- _Requirement_:
The entries should each be set down again precisely.

- _Given entries_:
=======

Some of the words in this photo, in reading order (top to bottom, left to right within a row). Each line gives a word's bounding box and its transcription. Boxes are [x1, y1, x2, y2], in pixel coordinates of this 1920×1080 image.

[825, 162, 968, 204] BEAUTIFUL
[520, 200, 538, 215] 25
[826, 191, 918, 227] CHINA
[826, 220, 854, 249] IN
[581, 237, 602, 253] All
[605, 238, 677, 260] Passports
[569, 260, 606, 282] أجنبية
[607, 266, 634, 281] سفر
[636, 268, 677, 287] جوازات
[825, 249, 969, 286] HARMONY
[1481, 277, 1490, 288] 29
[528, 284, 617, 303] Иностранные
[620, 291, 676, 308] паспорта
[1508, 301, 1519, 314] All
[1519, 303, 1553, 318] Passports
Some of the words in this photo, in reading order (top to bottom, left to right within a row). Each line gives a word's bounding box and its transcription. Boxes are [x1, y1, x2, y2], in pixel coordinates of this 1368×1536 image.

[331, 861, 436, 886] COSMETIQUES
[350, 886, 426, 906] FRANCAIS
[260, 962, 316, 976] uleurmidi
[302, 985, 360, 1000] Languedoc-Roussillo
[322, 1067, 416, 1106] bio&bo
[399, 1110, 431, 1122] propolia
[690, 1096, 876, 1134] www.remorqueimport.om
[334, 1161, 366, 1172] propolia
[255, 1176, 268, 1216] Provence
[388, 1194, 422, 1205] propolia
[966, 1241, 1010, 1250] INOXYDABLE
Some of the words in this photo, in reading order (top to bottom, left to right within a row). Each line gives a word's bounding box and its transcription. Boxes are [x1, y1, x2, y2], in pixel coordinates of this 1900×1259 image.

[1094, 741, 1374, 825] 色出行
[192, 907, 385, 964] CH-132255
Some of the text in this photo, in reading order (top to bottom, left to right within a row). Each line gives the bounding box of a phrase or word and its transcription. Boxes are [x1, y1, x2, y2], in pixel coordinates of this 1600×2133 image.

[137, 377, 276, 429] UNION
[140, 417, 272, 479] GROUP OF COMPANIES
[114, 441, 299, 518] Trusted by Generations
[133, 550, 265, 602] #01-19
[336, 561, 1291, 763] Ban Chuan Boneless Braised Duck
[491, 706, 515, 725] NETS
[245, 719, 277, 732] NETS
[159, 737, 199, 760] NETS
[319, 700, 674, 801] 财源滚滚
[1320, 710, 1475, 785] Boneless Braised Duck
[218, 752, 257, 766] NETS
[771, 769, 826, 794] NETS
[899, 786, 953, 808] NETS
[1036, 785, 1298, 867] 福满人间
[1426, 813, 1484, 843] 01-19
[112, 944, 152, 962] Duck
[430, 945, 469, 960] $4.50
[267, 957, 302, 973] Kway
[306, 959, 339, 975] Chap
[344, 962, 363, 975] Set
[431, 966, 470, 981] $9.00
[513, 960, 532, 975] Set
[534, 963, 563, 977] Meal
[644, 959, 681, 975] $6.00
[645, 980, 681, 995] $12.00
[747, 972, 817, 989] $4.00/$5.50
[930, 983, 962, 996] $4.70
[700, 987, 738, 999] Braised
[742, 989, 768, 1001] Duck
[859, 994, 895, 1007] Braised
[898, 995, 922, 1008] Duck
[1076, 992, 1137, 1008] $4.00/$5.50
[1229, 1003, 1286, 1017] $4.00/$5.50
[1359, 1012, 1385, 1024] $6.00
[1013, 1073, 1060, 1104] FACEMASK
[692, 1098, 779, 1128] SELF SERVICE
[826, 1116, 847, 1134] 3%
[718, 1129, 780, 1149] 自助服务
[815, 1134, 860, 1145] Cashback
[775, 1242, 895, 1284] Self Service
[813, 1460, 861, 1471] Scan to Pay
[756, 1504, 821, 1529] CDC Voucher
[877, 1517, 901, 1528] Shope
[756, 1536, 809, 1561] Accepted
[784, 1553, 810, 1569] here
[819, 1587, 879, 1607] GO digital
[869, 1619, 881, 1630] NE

=======

- _Result_:
Some of the words in this photo, in reading order (top to bottom, left to right within a row). Each line gives a word's bounding box and its transcription. Boxes are [x1, y1, x2, y2], in pixel coordinates of this 1920×1080 image.

[825, 162, 968, 204] BEAUTIFUL
[520, 200, 538, 215] 25
[826, 191, 918, 227] CHINA
[826, 220, 854, 249] IN
[581, 237, 602, 253] All
[605, 238, 677, 260] Passports
[569, 260, 606, 282] أجنبية
[607, 266, 634, 281] سفر
[636, 268, 677, 287] جوازات
[825, 249, 969, 286] HARMONY
[1481, 277, 1490, 288] 29
[528, 284, 617, 303] Иностранные
[620, 291, 676, 308] паспорта
[1508, 301, 1519, 314] All
[1519, 303, 1553, 318] Passports
Some of the words in this photo, in reading order (top to bottom, left to right within a row). Each line gives a word's bounding box and its transcription. Boxes are [x1, y1, x2, y2], in pixel coordinates of this 1368×1536 image.

[331, 861, 436, 886] COSMETIQUES
[350, 886, 426, 906] FRANCAIS
[260, 962, 316, 976] uleurmidi
[302, 985, 360, 1000] Languedoc-Roussillo
[322, 1067, 416, 1106] bio&bo
[399, 1110, 431, 1122] propolia
[690, 1096, 876, 1134] www.remorqueimport.om
[334, 1161, 366, 1172] propolia
[255, 1176, 268, 1216] Provence
[388, 1194, 422, 1205] propolia
[966, 1241, 1010, 1250] INOXYDABLE
Some of the words in this photo, in reading order (top to bottom, left to right within a row). Each line gives a word's bounding box and its transcription. Boxes are [x1, y1, x2, y2], in pixel coordinates of this 1900×1259 image.

[1094, 741, 1374, 825] 色出行
[192, 907, 385, 964] CH-132255
Some of the text in this photo, in reading order (top to bottom, left to right within a row). Each line gives the bounding box of a phrase or word and its transcription. Boxes are [x1, y1, x2, y2], in pixel coordinates of this 1600×2133 image.

[137, 377, 276, 429] UNION
[140, 417, 272, 479] GROUP OF COMPANIES
[114, 441, 299, 518] Trusted by Generations
[133, 550, 265, 602] #01-19
[336, 561, 1291, 763] Ban Chuan Boneless Braised Duck
[491, 706, 515, 725] NETS
[245, 719, 277, 732] NETS
[159, 737, 199, 760] NETS
[319, 700, 674, 801] 财源滚滚
[1320, 710, 1475, 785] Boneless Braised Duck
[218, 752, 257, 766] NETS
[771, 769, 826, 794] NETS
[899, 786, 953, 808] NETS
[1036, 785, 1298, 867] 福满人间
[1426, 813, 1484, 843] 01-19
[112, 944, 152, 962] Duck
[430, 945, 469, 960] $4.50
[267, 957, 302, 973] Kway
[306, 959, 339, 975] Chap
[344, 962, 363, 975] Set
[431, 966, 470, 981] $9.00
[513, 960, 532, 975] Set
[534, 963, 563, 977] Meal
[644, 959, 681, 975] $6.00
[645, 980, 681, 995] $12.00
[747, 972, 817, 989] $4.00/$5.50
[930, 983, 962, 996] $4.70
[700, 987, 738, 999] Braised
[742, 989, 768, 1001] Duck
[859, 994, 895, 1007] Braised
[898, 995, 922, 1008] Duck
[1076, 992, 1137, 1008] $4.00/$5.50
[1229, 1003, 1286, 1017] $4.00/$5.50
[1359, 1012, 1385, 1024] $6.00
[1013, 1073, 1060, 1104] FACEMASK
[692, 1098, 779, 1128] SELF SERVICE
[826, 1116, 847, 1134] 3%
[718, 1129, 780, 1149] 自助服务
[815, 1134, 860, 1145] Cashback
[775, 1242, 895, 1284] Self Service
[813, 1460, 861, 1471] Scan to Pay
[756, 1504, 821, 1529] CDC Voucher
[877, 1517, 901, 1528] Shope
[756, 1536, 809, 1561] Accepted
[784, 1553, 810, 1569] here
[819, 1587, 879, 1607] GO digital
[869, 1619, 881, 1630] NE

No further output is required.